Table 1. Flax yield (mean yield of seven site-years) and coefficient of variation assessed at Kernen (2015–2018), Goodale (2018), and Carman (2015–2016).
Treatment Number	Treatment	Yield (bu/ac)	CV^b
14	MD-NR-HN-F	23.6a	48.8(5)
6	LD-NR-HN-F	23.2ab	47.7(4)
2	LD-NR-LN-F	22.8abc	49(7)
16	MD-WR-HN-F	22.6abcd	43.2(1)
10	MD-NR-LN-F	22.4abcd	54.2(8)
8	LD-WR-HN-F	22.2abcde	44.9(2)
12	MD-WR-LN-F	22.2abcde	49(6)
13	MD-NR-HN-NF	21.2abcde	61.5(12)
9	MD-NR-LN-NF	20.9abcde	65.7(15)
1	LD-NR-LN-NF	20.5bcde	59.7(10)
3	LD-WR-LN-NF	20.2de	56.1(9)
5	LD-NR-HN-NF	20.0cde	66.5(16)
4	LD-WR-LN-F	19.9de	46.4(3)
15	MD-WR-HN-NF	19.8de	61.9(13)
7	LD-WR-HN-NF	19.3de	61.2(11)
11	MD-WR-LN-NF	19.1de	65.3(14)

^aMD, moderate density; LD, low density; NR, narrow row spacing; WR, wide row spacing; HN, 130% N; LN, 65% N; F, fungicide applied; NF, no fungicide applied.

^bCV, coefficient of variation.

Environmental Conditions

In general, growing degree day period was in the range of 1,600–1,700 (2015–2018) for Saskatoon, SK locations and 1,400–1,500 (2015–2016) for Winnipeg, MB locations. Precipitation from May through September was variable, depending on the site‐year (Table 2). In both years, Carman received greater precipitation than the two other sites and was greater than the total long‐term precipitation. Kernen received precipitation that was above the long‐term average in 2015 and 2016 but low in 2017 and 2018. Goodale 2018 received the lowest precipitation and represents the driest environment of all site‐years.
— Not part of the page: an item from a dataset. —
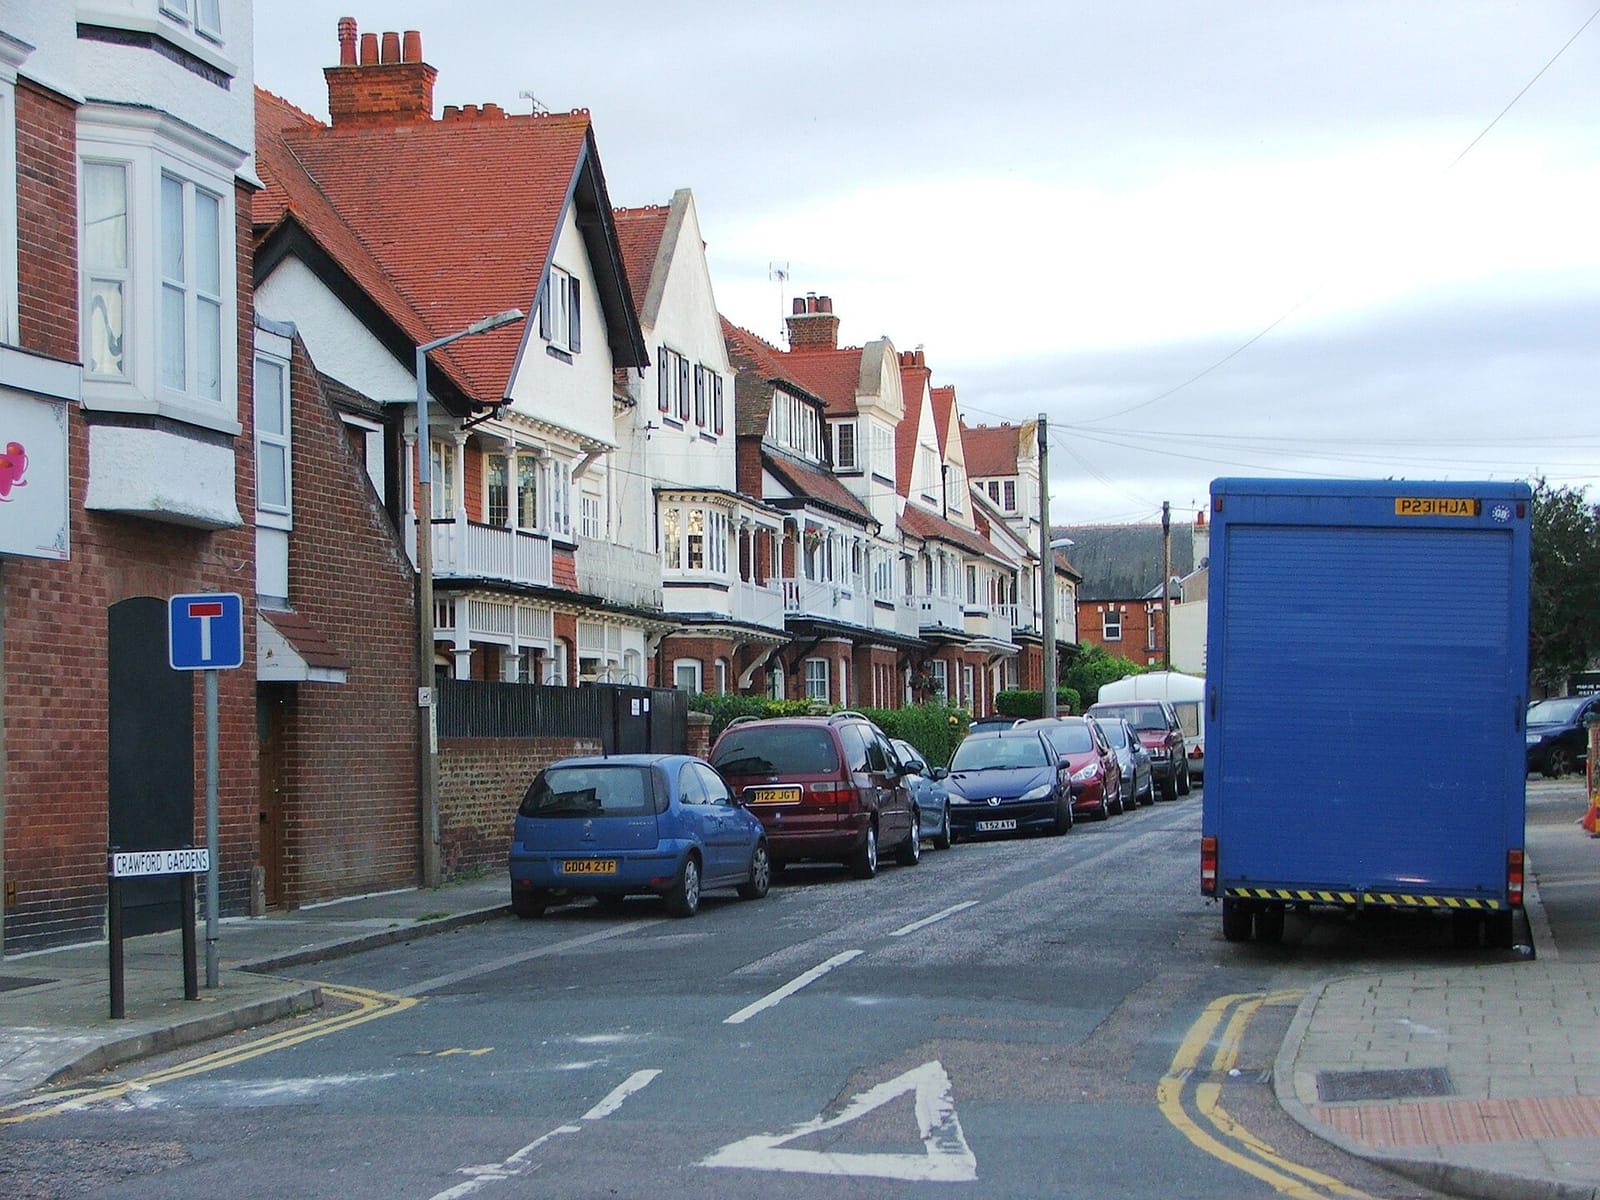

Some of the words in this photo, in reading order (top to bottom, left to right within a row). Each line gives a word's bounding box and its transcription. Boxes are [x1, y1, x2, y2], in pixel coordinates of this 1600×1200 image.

Location	Year	May	June	July	August	September	Avg./total
Precipitation (inches)
Kernen	2015	0.24	0.79	0.59	2.29	2.0	8.66
	2016	1.63	1.95	2.3	2.76	0.94	9.60
	2017	2.4	1.61	1.16	1.22	1.45	7.87
	2018	1.49	0.05	2.18	1.109	1.69	6.53
	Long term^a	1.43	2.54	2.11	1.74	1.5	9.3
Carman	2015	3.88	2.96	4.3	1.86	1.65	14.6
	2016	4.2	3.75	3.0	2.27	2.54	15.9
	Long term^a	2.74	3.79	3.09	2.94	1.92	14.5
Goodale	2018	1.29	1.1	1.57	1.49	0.62	6.1
Goodale	Long term^a	1.35	2.49	2.12	1.73	1.5	9.2

^aLong-term normal (1981 to 2010). See http://climate.weather.gc.ca/historical_data/search_historic_data_e.html.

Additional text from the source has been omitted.